Our results emphasize the need to use a rapid turnaround time system for the accurate identification of respiratory pathogens from patient specimens. Utilizing rapid molecular respiratory panel assays may increase the likelihood of optimal treatment of acute respiratory infections [25‐29]. However, antibiotic consumption was not reduced by the use of a molecular point-of-care strategy in adults presenting with acute respiratory illness in a large randomized controlled trial [28]. It seems that we are experiencing a switch in perspectives regarding microbial diagnoses of respiratory infections: physicians are used to dealing with an absence of information, but they will likely be overloaded with information in the near future [30]. The positive detection of respiratory viruses may or may not be useful for the immediate management of a patient [31]. Thus, the development of molecular point-of-care analysis techniques will not lessen the usefulness of our AI strategy. On the contrary, we believe that AI could be a great help in dealing with information overload, which could soon be a common problem. AI methods should not be viewed as ways to replace human expertise but rather as catalysts that accelerate human expertise–based analyses of data. AI methods can assist–rather than replace–in clinical decision-making by transforming complex data into more actionable information. Further studies are needed to assess if AI system integrated with point-of-care rapid molecular respiratory panel assays could be a useful addition for the clinician. Ultimately, randomized controlled trial should determine the effect of this strategy on the decision making regarding antibiotic use.

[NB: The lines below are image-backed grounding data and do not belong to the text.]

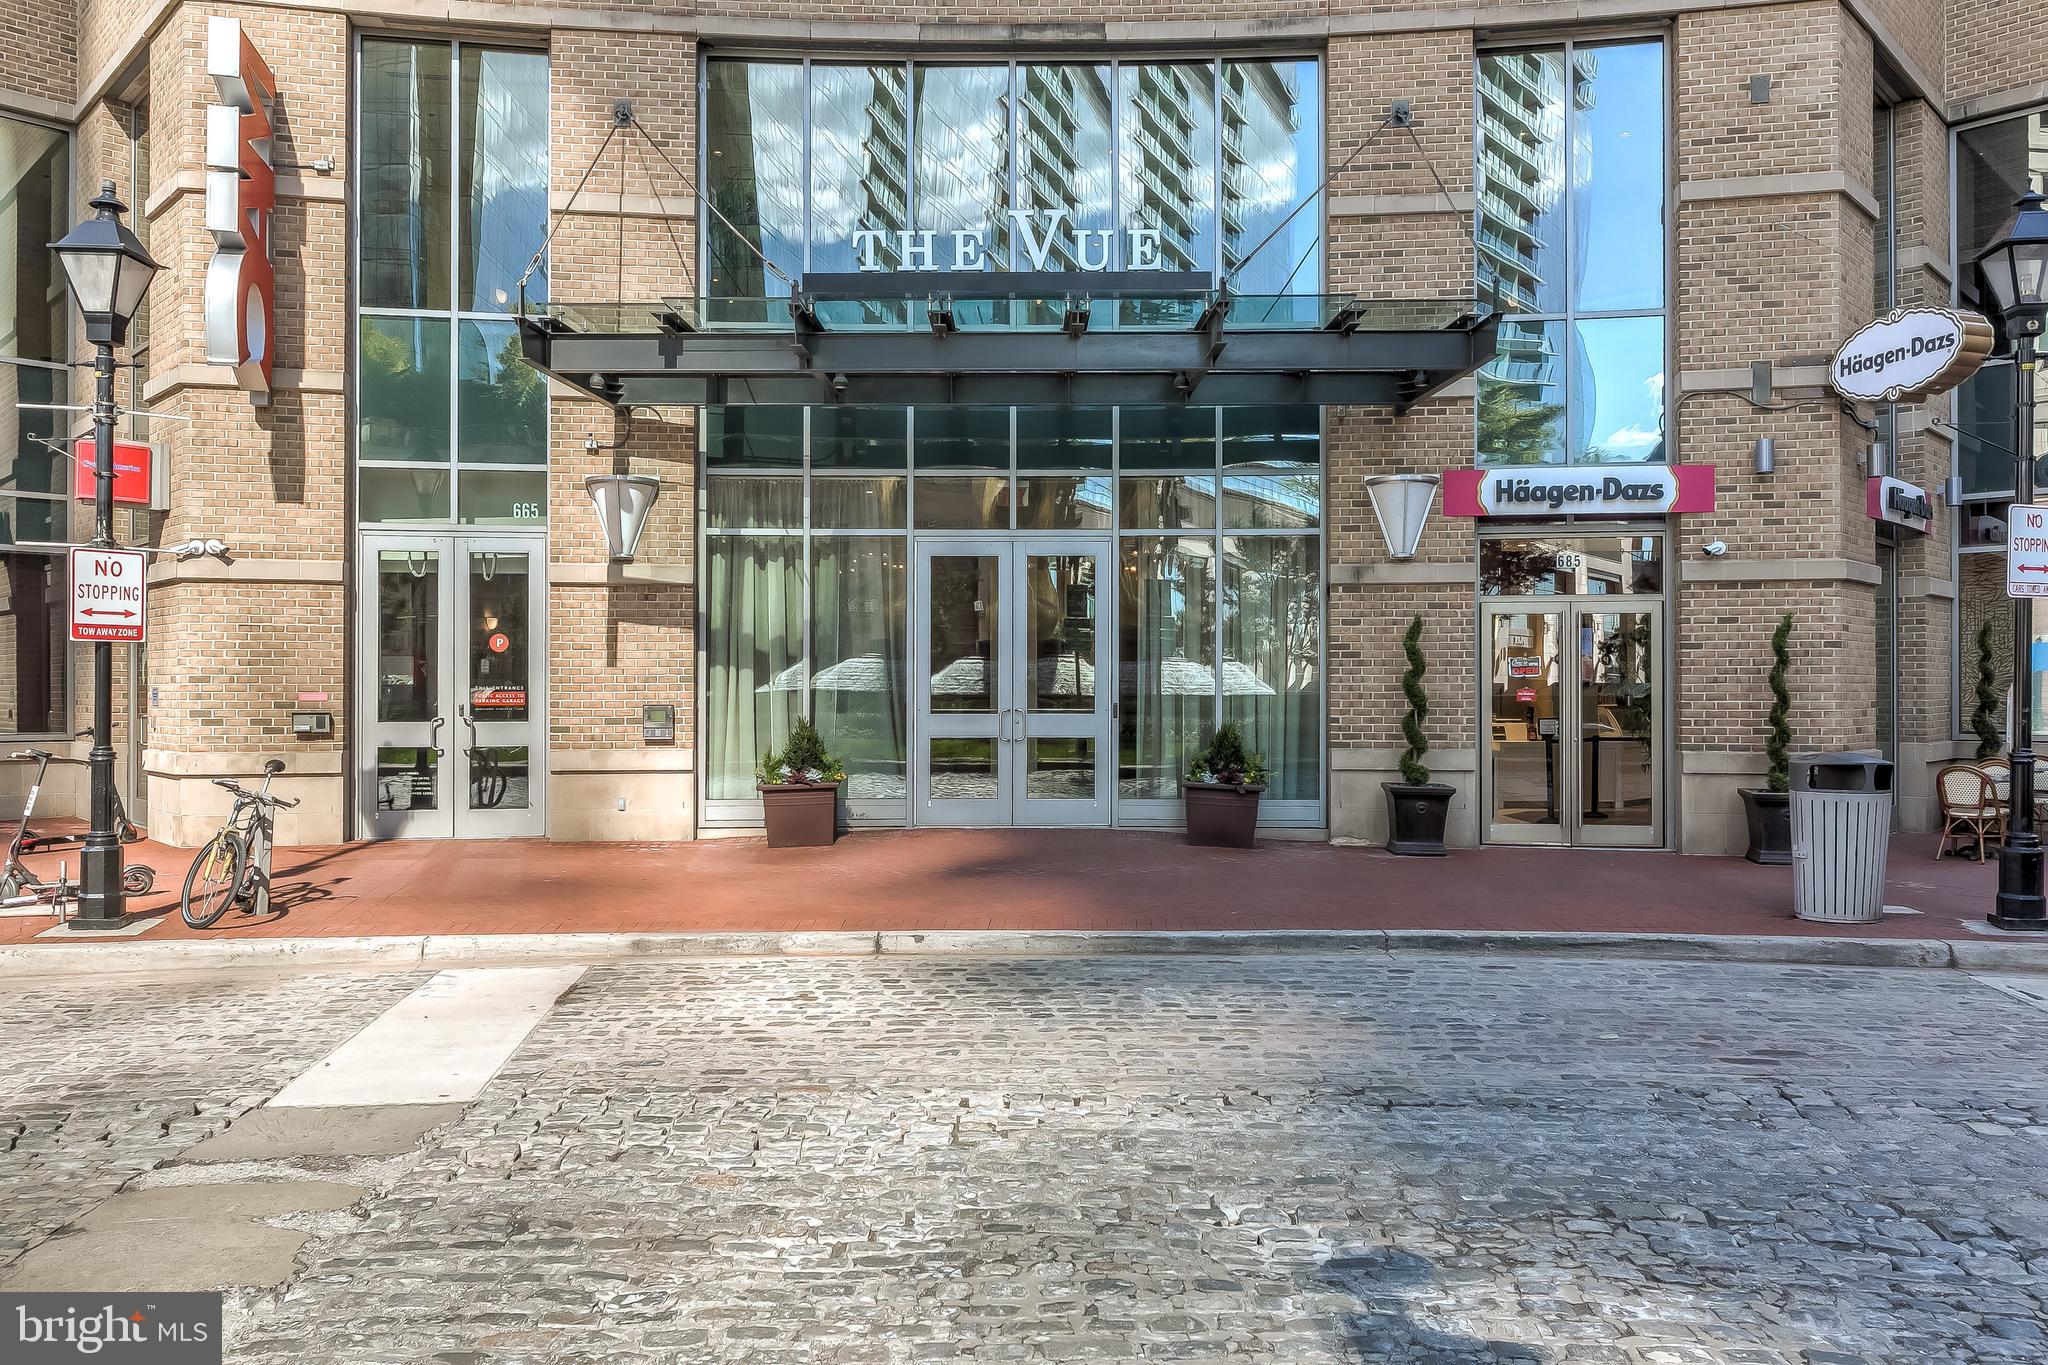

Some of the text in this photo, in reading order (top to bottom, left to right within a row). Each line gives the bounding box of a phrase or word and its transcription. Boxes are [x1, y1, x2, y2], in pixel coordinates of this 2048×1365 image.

[852, 209, 1163, 272] THE VUE
[1840, 332, 1955, 378] Häagen-Dazs
[1495, 477, 1665, 509] Häagen-Dazs
[513, 502, 539, 519] 665
[2027, 513, 2043, 528] NO
[95, 559, 123, 577] NO
[1557, 555, 1581, 568] 685
[77, 583, 139, 601] STOPPING
[78, 626, 138, 637] TOW AWAY ZONE
[496, 638, 504, 648] P
[1512, 666, 1539, 674] OPEN
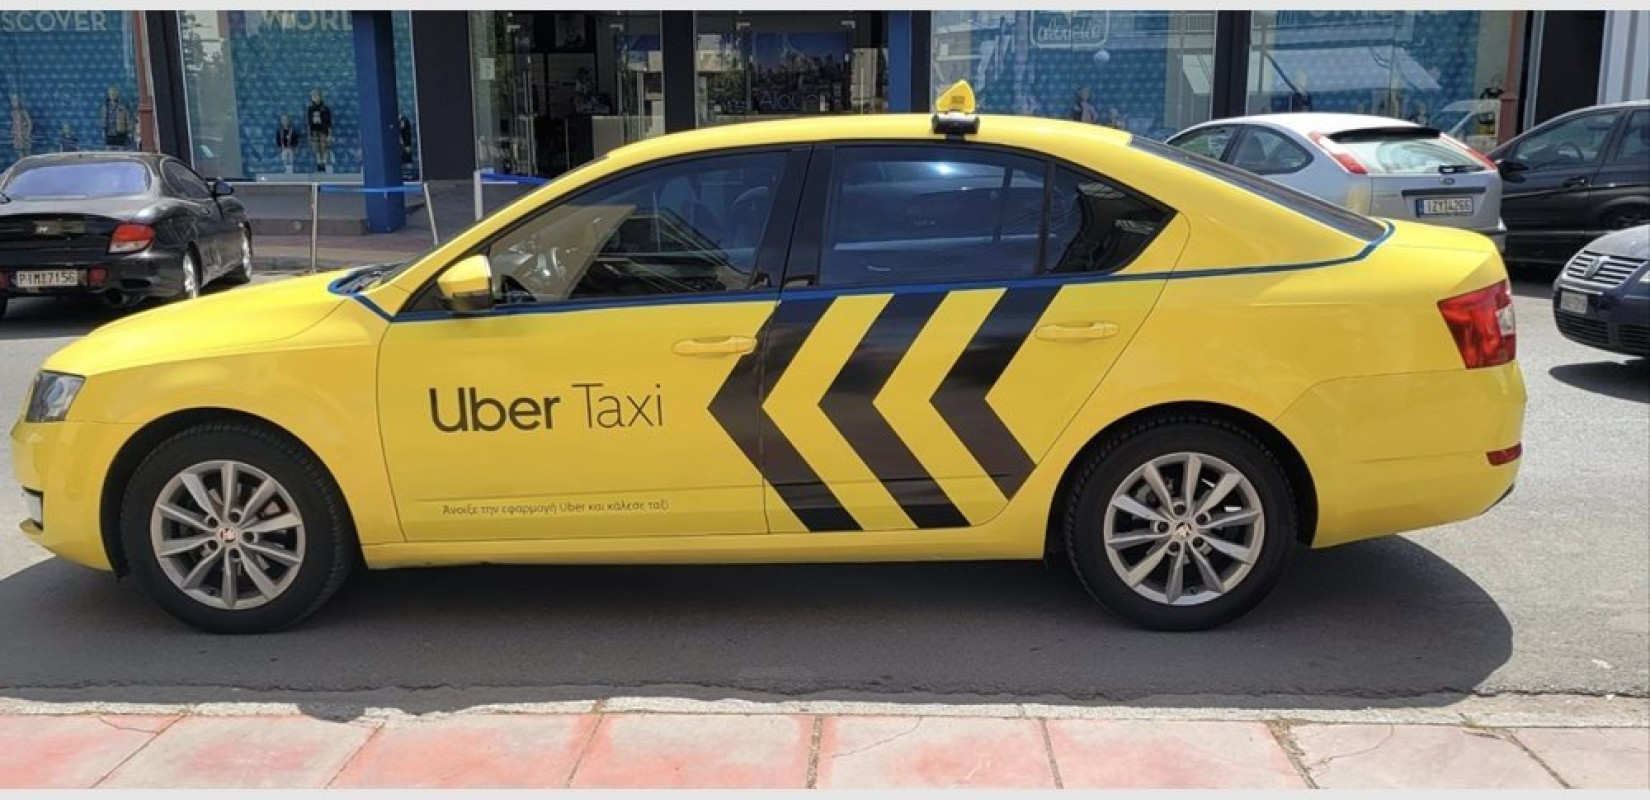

Neither a panel of experts nor a data-driven approach could accurately distinguish viral from bacterial pneumonia within the first hours of patient admission in ICU for CAP. The heterogeneous and complex data generated in the ICU environment are likely difficult to use to generate an AI algorithm with a high predictive quality. The results of our pilot study at least highlight that we should not treat machine learning and data science as crystal balls for making predictions and automating decision-making; we should rather use these techniques to more critically examine all available information and enhance existing human expertise.